777 F2d 496 Miller v. Glen & Helen Aircraft Inc
777 F.2d 496
RICO Bus.Disp.Guide 6110
Daniel E. MILLER, Plaintiff-Appellant,
GLEN & HELEN AIRCRAFT, INC., dba G & H Aircraft; Glen F.
Nickerman, an individual, Howard C. Sauter
Professional Investigations, Inc., an
Howard Sauter, Defendant-Appellee.
Nos. 84-2786, 85-1689.
United States Court of Appeals,
Argued and Submitted Oct. 8, 1985.
Decided Nov. 29, 1985.
Francis C. Pizzulli, Santa Monica, Cal., for plaintiff-appellant.
Scott E. Boehm, Ralph A. Mahowald, Jr., O'Connor, Cavanagh, Anderson, Westover, Killingsworth & Beshears, Phoenix, Ariz., for defendant-appellee.
Appeal from the United States District Court for the District of Arizona.
Before GOODWIN, ALARCON and POOLE, Circuit Judges.
POOLE, Circuit Judge:
Daniel Miller appeals the dismissal with prejudice of his section 1985(2) and civil RICO claims against Howard Sauter. The district court held that Miller lacked standing to bring a claim under 42 U.S.C. Sec. 1985(2) (1982) and that his complaint failed to state a claim under the Racketeer Influenced and Corrupt Organizations Act (RICO), 18 U.S.C. Sec. 1964(c) (1982), because it did not allege a distinct "racketeering injury" and also failed to demonstrate a causal connection between Sauter's alleged racketeering activities and Miller's claimed injuries. We reverse.
Miller's first amended complaint sought damages under 42 U.S.C. Sec. 1985(2) (1982) from Sauter for conspiracy to intimidate potential witnesses from testifying freely, fully, and truthfully in an earlier federal lawsuit brought by Miller against Glen & Helen Aircraft ("G & H Aircraft") for personal injuries suffered in an airplane crash. Sauter, a private investigator, was hired by G & H Aircraft's attorney to assist in preparing a defense.
In another count, Miller sought treble damages and attorney fees under RICO, 18 U.S.C. Sec. 1964(c) (1982), based on alleged predicate acts stemming from the earlier federal lawsuit of influencing a witness, Ariz.Rev.Stat.Ann.
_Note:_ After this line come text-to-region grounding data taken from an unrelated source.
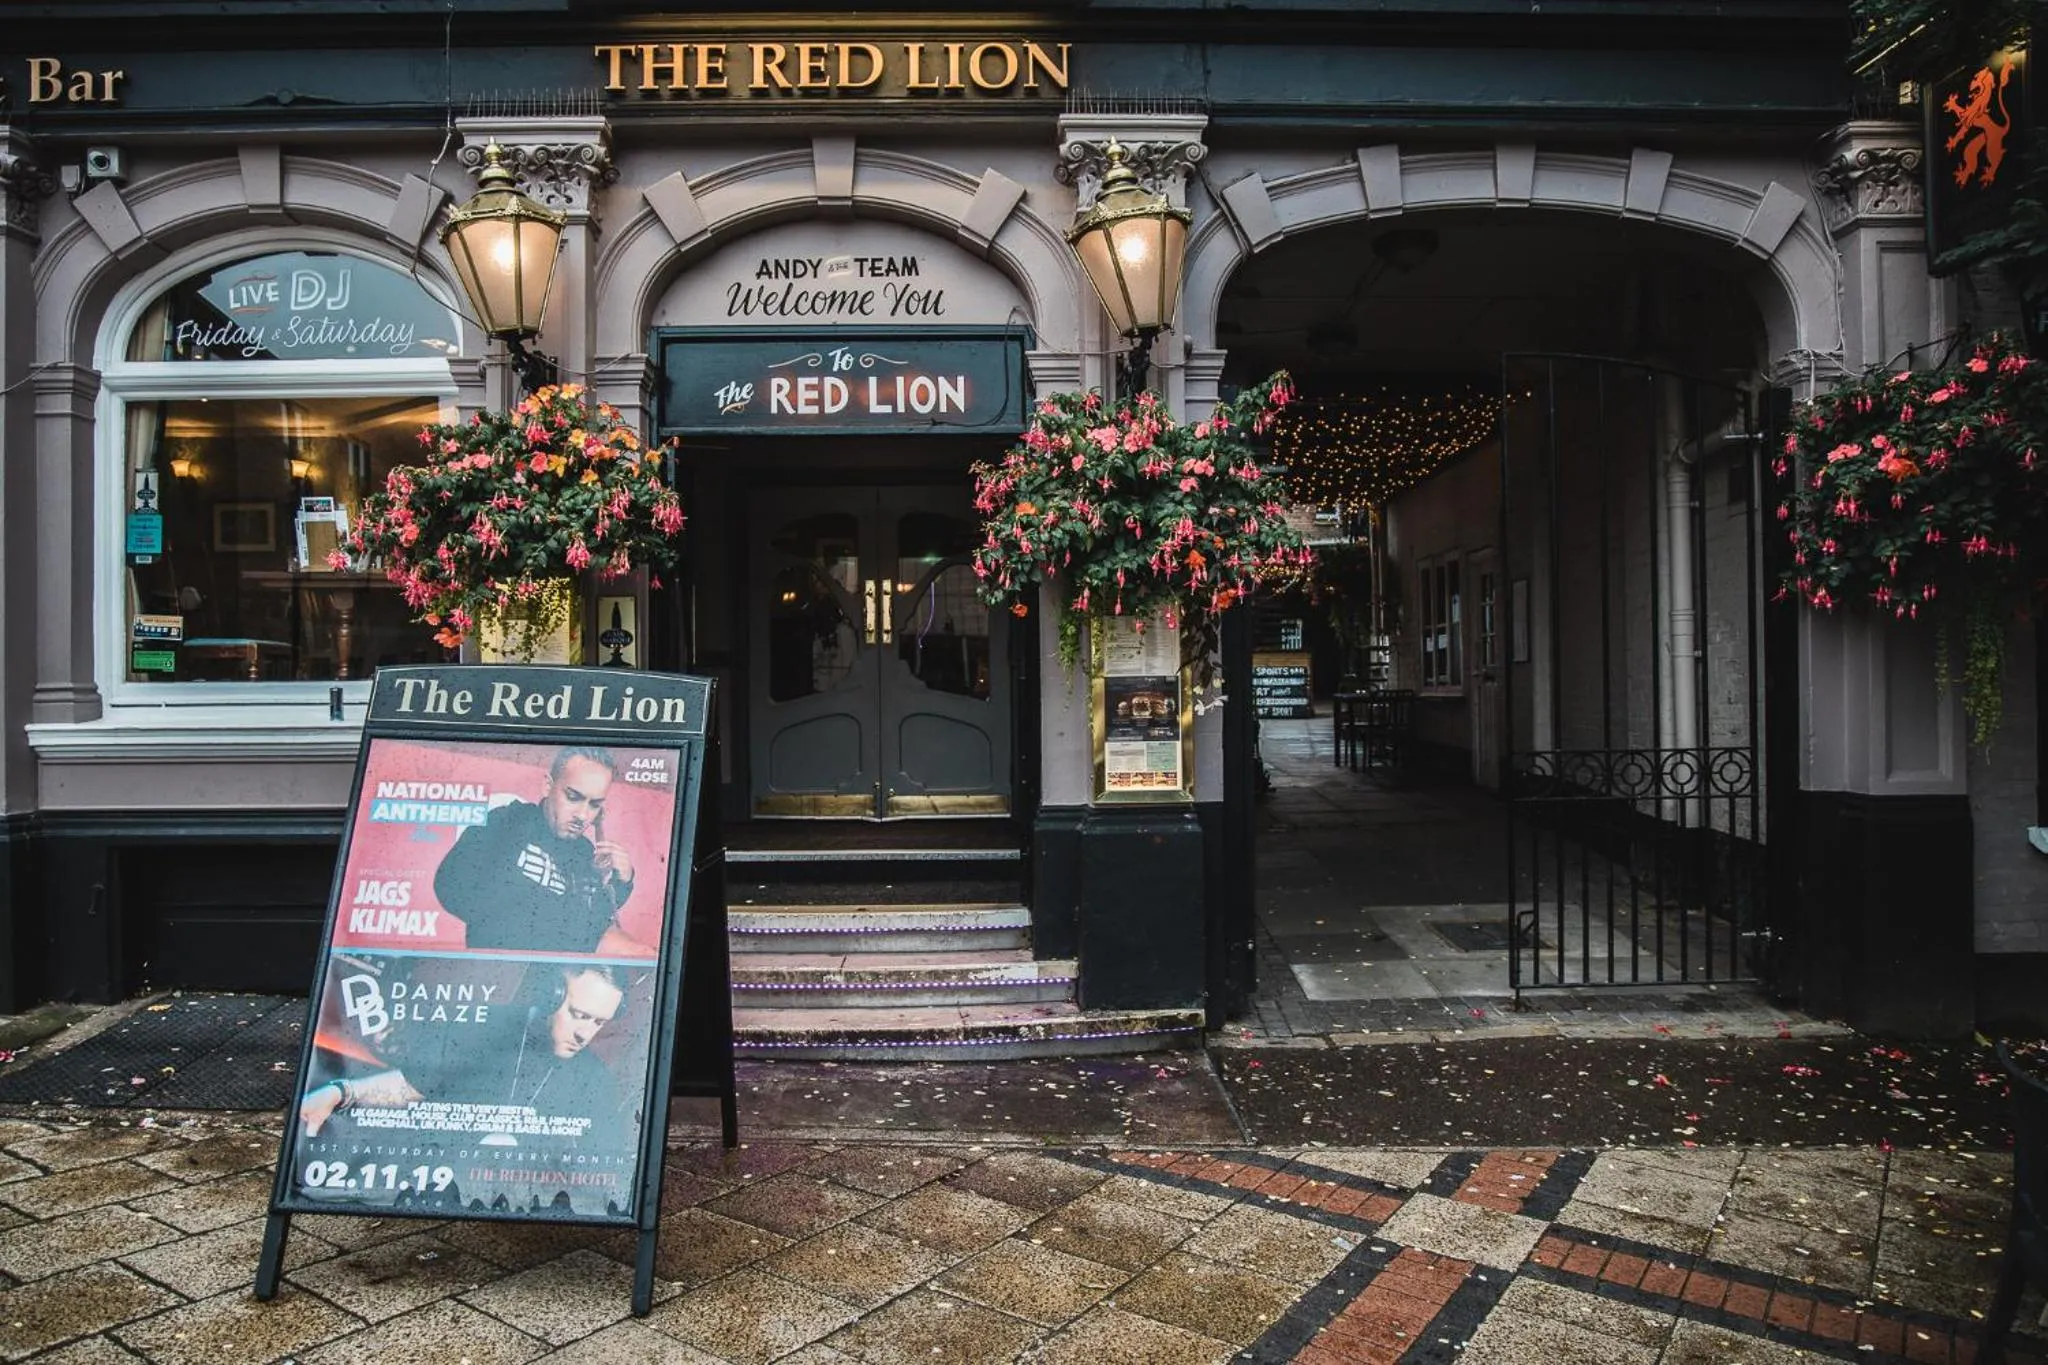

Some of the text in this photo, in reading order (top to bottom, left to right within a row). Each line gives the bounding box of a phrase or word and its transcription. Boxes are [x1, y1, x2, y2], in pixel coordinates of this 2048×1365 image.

[595, 42, 1072, 90] THE RED LION
[25, 57, 124, 102] Bar
[756, 258, 822, 279] ANDY
[854, 256, 920, 277] TEAM
[229, 269, 351, 310] LIVE DJ
[727, 282, 945, 316] Welcome You
[176, 315, 416, 357] Friday & Saturday
[828, 347, 855, 372] To
[713, 375, 965, 414] The RED LION
[1256, 667, 1289, 676] SPORTS
[395, 678, 686, 723] The Red Lion
[631, 758, 664, 769] 4AM
[625, 772, 668, 783] CLOSE
[377, 781, 488, 802] NATIONAL
[371, 802, 486, 825] ANTHEMS
[354, 880, 412, 907] JAGS
[349, 908, 439, 936] KLIMAX
[391, 982, 497, 1002] DANNY
[393, 1003, 489, 1023] BLAZE
[350, 1108, 365, 1117] UK
[408, 1102, 451, 1112] PLAYING
[310, 1143, 338, 1152] 1ST
[352, 1145, 445, 1157] SATURDAY
[494, 1151, 549, 1161] EVERY
[562, 1153, 624, 1164] MONTH
[304, 1160, 454, 1192] 02.11.19
Sec. 13-2802(A)(1) (1978), bribery of a witness, 18 U.S.C. Sec. 201 (1982), wire fraud, 18 U.S.C. Sec. 1343 (1982), and obstruction of justice, 18 U.S.C. Sec. 1503 (1982). The complaint also included a pendent Arizona state racketeering claim. Ariz.Rev.Stat.Ann. Sec. 13-2314 (1978).
Sauter filed a Motion to Dismiss and/or for Summary Judgment with respect to these claims. The district court chose to treat the motion as a motion to dismiss and granted it, dismissing the federal claims with prejudice and the pendent state claim without prejudice. Miller appeals.1
We review de novo the granting of a motion to dismiss for failure to state a claim upon which relief can be granted. Dooley v. Reiss, 736 F.2d 1392, 1394 (9th Cir.), cert. denied, --- U.S. ----, 105 S.Ct. 518, 83 L.Ed.2d 407 (1984).
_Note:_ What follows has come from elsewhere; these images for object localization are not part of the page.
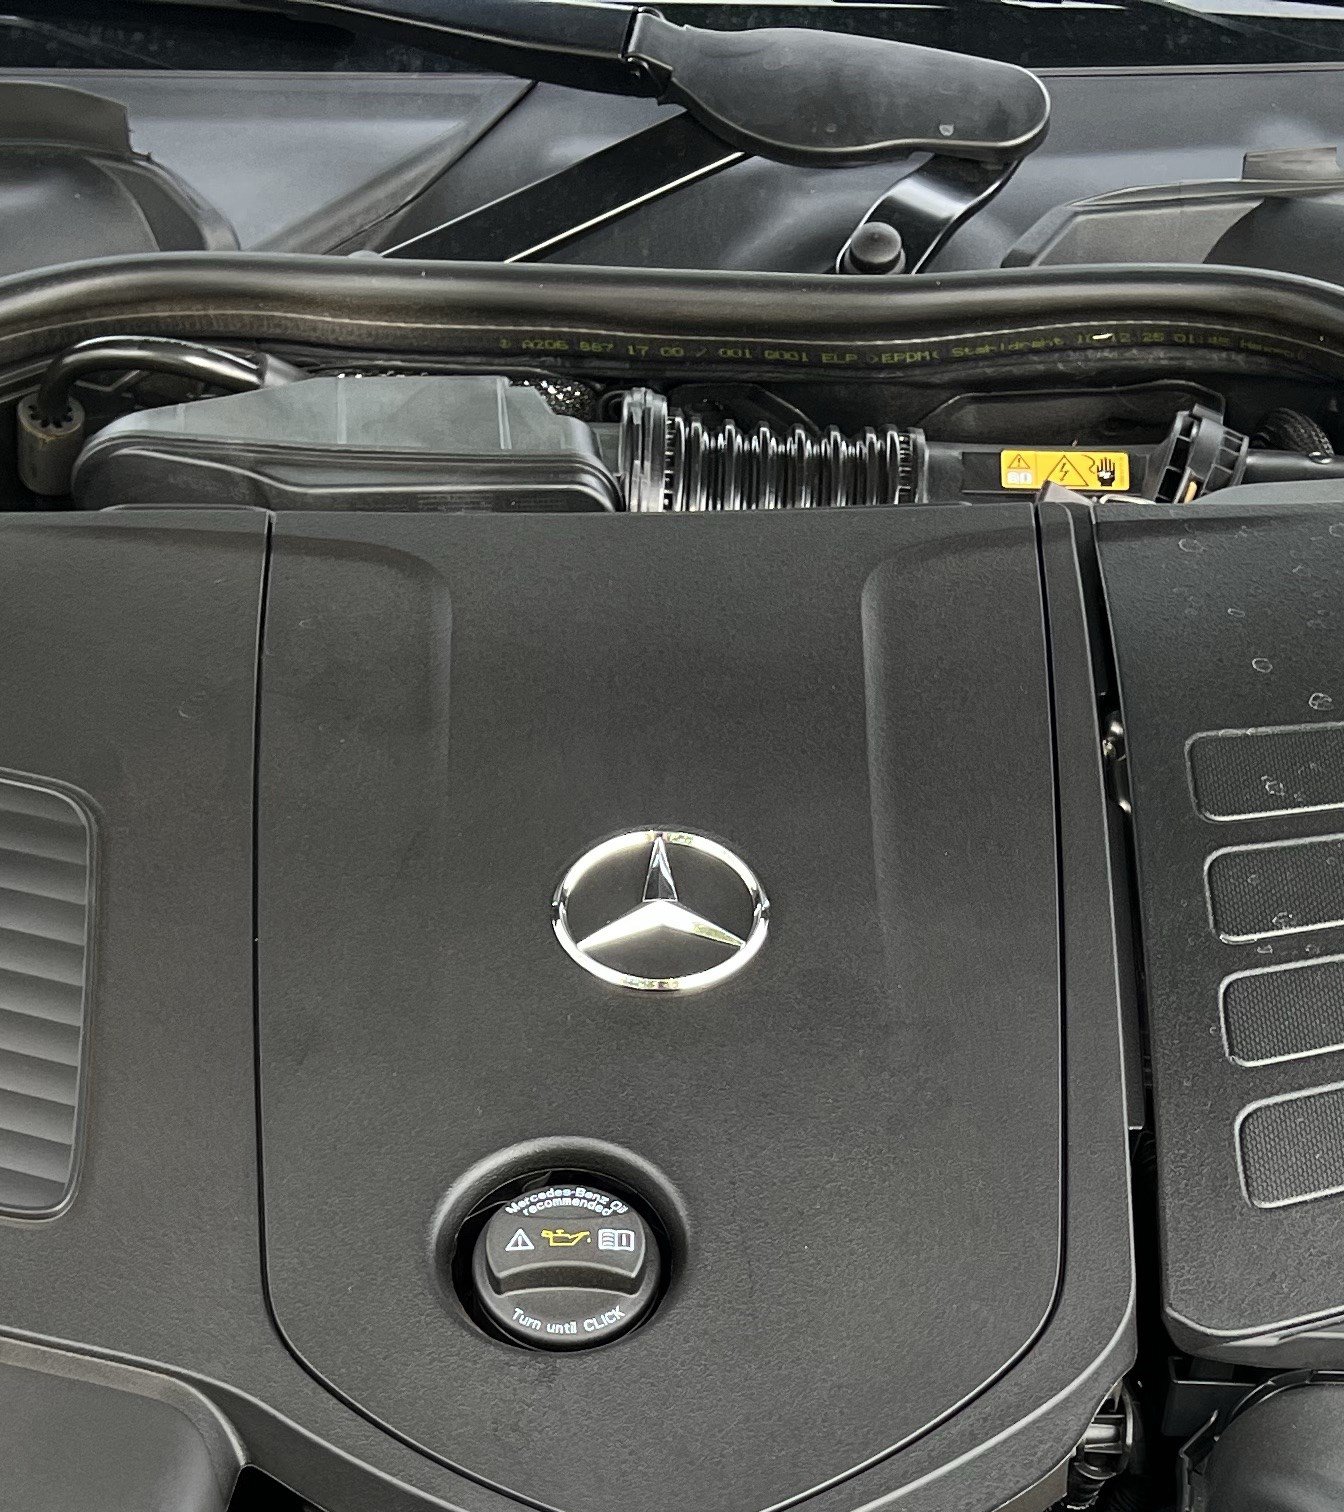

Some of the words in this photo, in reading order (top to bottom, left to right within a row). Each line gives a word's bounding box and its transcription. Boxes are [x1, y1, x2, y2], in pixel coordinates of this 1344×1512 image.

[505, 1187, 612, 1215] Mercedes-Benz
[610, 1200, 630, 1215] Oil
[522, 1197, 612, 1216] recommended
[512, 1307, 542, 1331] Turn
[546, 1321, 577, 1334] until
[583, 1306, 626, 1332] CLICK
The district court dismissed Miller's section 1985(2) claim2 on the ground that the statute does not confer a cause of action on a party whose witnesses, and not the party himself, are allegedly intimidated. See Burch v. Snider, 461 F.Supp. 598 (D.Md.1978).
We agree with the Second Circuit that "[t]he essential allegations of a [section] 1985(2) claim of witness intimidation are (1) a conspiracy between two or more persons, (2) to deter a witness by force, intimidation or threat from attending court or testifying freely in any pending matter, which (3) results in injury to the plaintiff." Chahal v. Paine Webber Inc., 725 F.2d 20, 23 (2d Cir.1984). In Chahal, the plaintiff brought a section 1985(2) claim for damages based on the defendants' intimidation of the plaintiff's prospective expert witness in a federal proceeding. The court expressly found that the plaintiff had stated a claim under the statute.
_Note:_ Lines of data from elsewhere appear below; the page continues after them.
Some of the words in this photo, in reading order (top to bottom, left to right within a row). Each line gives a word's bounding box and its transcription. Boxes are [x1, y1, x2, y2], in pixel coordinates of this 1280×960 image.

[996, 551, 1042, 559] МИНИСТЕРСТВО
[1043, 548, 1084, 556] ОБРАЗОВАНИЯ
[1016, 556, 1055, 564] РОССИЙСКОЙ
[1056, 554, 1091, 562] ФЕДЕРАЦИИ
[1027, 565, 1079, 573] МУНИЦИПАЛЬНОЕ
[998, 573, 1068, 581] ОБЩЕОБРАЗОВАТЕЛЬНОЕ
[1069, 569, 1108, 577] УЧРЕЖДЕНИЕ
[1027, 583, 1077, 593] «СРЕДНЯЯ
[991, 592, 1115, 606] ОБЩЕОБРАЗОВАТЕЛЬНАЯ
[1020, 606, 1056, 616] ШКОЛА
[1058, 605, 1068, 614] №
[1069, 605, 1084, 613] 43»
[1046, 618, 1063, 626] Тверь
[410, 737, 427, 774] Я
Here, Miller's allegations of witness intimidation, if proved, could be shown to have resulted in injury to Miller by hampering his ability to present an effective case against G & H Aircraft in the earlier federal lawsuit. Thus, Miller has standing to bring a civil action for violation of section 1985(2).
The district court dismissed Miller's RICO claim because it did not state any injury of the type RICO statutes were intended to prevent. See Sedima, S.P.R.L. v. Imrex Co., 741 F.2d 482 (2d Cir.1984). This requirement of a distinct "racketeering injury," however, has recently been rejected by the Supreme Court in its review of the Sedima decision. Sedima, S.P.R.L. v. Imrex Co., --- U.S. ----, 105 S.Ct. 3275, 87 L.Ed.2d 346 (1985). To state a violation of section 1962(c), a plaintiff need only allege (1) conduct (2) of an enterprise (3) through a pattern, i.e., at least two acts that are sufficiently related, (4) of racketeering activity. Id. at 3285. Miller has sufficiently alleged each of these elements, and thus the district court erred in imposing an additional requirement that appellant allege a separate "racketeering injury."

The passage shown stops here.